Jesus' Final Visit to Jerusalem

DAY 15 OF 20

The Arrest of Jesus

After saying these things, Jesus crossed the Kidron Valley with his disciples and entered a grove of olive trees called Gethsemane. There he told them, “Pray that you will not give in to temptation.” And he said, “Sit here while I go over there to pray.” He took Peter and Zebedee’s two sons, James and John, and he became deeply troubled, anguished, and distressed. He told them, “My soul is crushed with grief to the point of death. Stay here and keep watch with me.”

He went on a little farther away, about a stone’s throw, knelt down to the ground, and bowed with his face to the ground, praying. He prayed that, if it were possible, the awful hour awaiting him might pass him by. “Abba, my Father,” he cried out, “everything is possible for you. If you are willing, please take this cup of suffering away from me. Yet I want your will to be done, not mine.” Then an angel from heaven appeared and strengthened him. He prayed more fervently, and he was in such agony of spirit that his sweat fell to the ground like great drops of blood.

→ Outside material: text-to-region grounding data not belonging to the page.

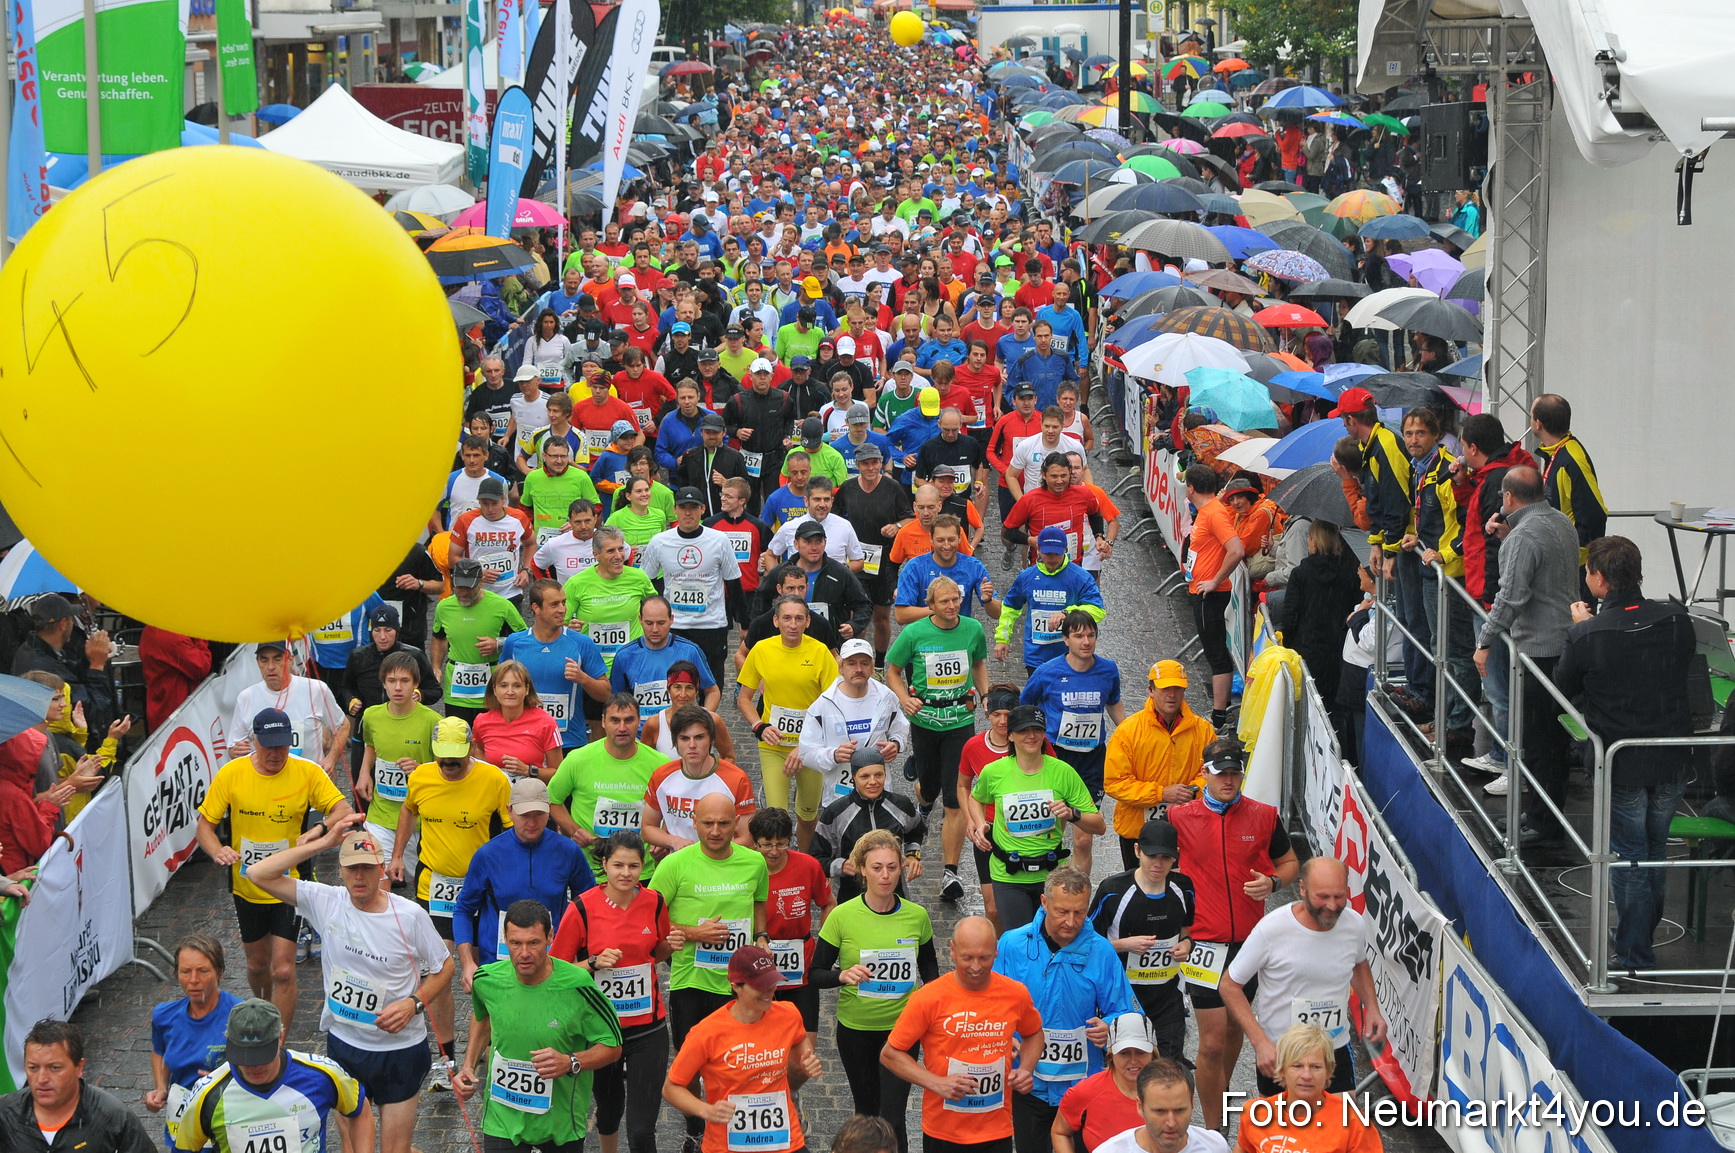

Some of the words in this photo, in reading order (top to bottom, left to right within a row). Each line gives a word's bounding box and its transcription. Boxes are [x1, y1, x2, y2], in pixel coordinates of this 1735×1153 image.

[131, 72, 168, 83] leben.
[100, 88, 154, 100] schaffen.
[612, 112, 628, 161] Audi
[623, 67, 635, 109] BKK
[502, 120, 525, 142] maxi
[539, 368, 559, 377] 2697
[475, 531, 516, 541] MERZ
[673, 591, 704, 605] 2448
[1033, 589, 1067, 599] HUBER
[593, 630, 627, 644] 3109
[935, 661, 961, 676] 369
[455, 671, 488, 685] 3364
[636, 690, 671, 706] 2254
[1061, 691, 1101, 702] HUBER
[777, 716, 803, 733] 668
[1063, 722, 1097, 738] 2172
[1065, 739, 1091, 747] Christoph
[378, 769, 412, 786] 272
[239, 809, 265, 817] Norbert
[598, 810, 640, 827] 3314
[1009, 802, 1050, 821] 2236
[1019, 822, 1043, 831] Andrea
[710, 954, 731, 963] Helm
[1139, 951, 1172, 968] 626
[866, 962, 911, 981] 2208
[1137, 970, 1168, 979] Matthias
[1185, 966, 1203, 978] Oliver
[600, 977, 646, 999] 2341
[877, 982, 896, 992] Julia
[331, 981, 378, 1011] 2319
[339, 1006, 359, 1020] Horst
[955, 1020, 1008, 1033] Fischer
[960, 1030, 1004, 1039] AUTOMOBILE
[735, 1047, 786, 1064] Fischer
[741, 1057, 784, 1071] AUTOMOBILE
[496, 1067, 546, 1095] 2256
[506, 1092, 532, 1105] Rainer
[967, 1097, 985, 1107] Kurt
[733, 1107, 785, 1131] 3163
[745, 1134, 774, 1145] Andrea

At last, he stood up again, and then he returned to the disciples, only to find them asleep, exhausted from grief. “Why are you sleeping?” he asked them. He said to Peter, “Simon, are you asleep? Couldn’t you watch with me even one hour? Get up, keep watch, and pray, so that you will not give in to temptation. For the spirit is willing, but the body is weak!”

Then Jesus left them a second time and prayed the same prayer as before: “My Father! If this cup cannot be taken away unless I drink it, your will be done.” When he returned to them again, he found them sleeping, for they couldn’t keep their eyes open. And they didn’t know what to say.

So he went to pray a third time, saying the same things again. Then, when he returned to the disciples the third time, he said, “Go ahead and sleep. Have your rest. But no, look—the time has come. The Son of Man is betrayed into the hands of sinners. Up, let’s be going. Look, my betrayer is here!”

And immediately, even as Jesus said this, Judas, one of the twelve disciples, arrived with a crowd of men armed with swords and clubs. They had been sent by the leading priests, the teachers of religious law, and the elders of the people. Judas, the betrayer, knew this place because Jesus had often gone there with his disciples. The leading priests and Pharisees had given Judas a contingent of Roman soldiers and Temple guards to accompany him. Now with blazing torches, lanterns, and weapons, they arrived at the olive grove.

Jesus fully realized all that was going to happen to him, so he stepped forward to meet them. “Who are you looking for?” he asked.

“Jesus the Nazarene,” they replied.

“I Am he,”29 Jesus said. (Judas, who betrayed him, was standing with them.) As Jesus said “I Am he,” they all drew back and fell to the ground! Once more he asked them, “Who are you looking for?”

And again they replied, “Jesus the Nazarene.”

“I told you that I Am he,” Jesus said. “And since I am the one you want, let these others go.” He did this to fulfill his own statement: “I did not lose a single one of those you have given me.” 30

The traitor, Judas, had given them a prearranged signal: “You will know which one to arrest when I greet him with a kiss. Then you can take him away under guard.” So as soon as they arrived, Judas walked over to Jesus to greet him with a kiss. “Greetings, Rabbi!” he exclaimed and gave him the kiss. But Jesus said, “Judas, would you betray the Son of Man with a kiss? My friend, go ahead and do what you have come for.”

Then the soldiers, their commanding officer, and the Temple guards grabbed Jesus, tied him up, and arrested him.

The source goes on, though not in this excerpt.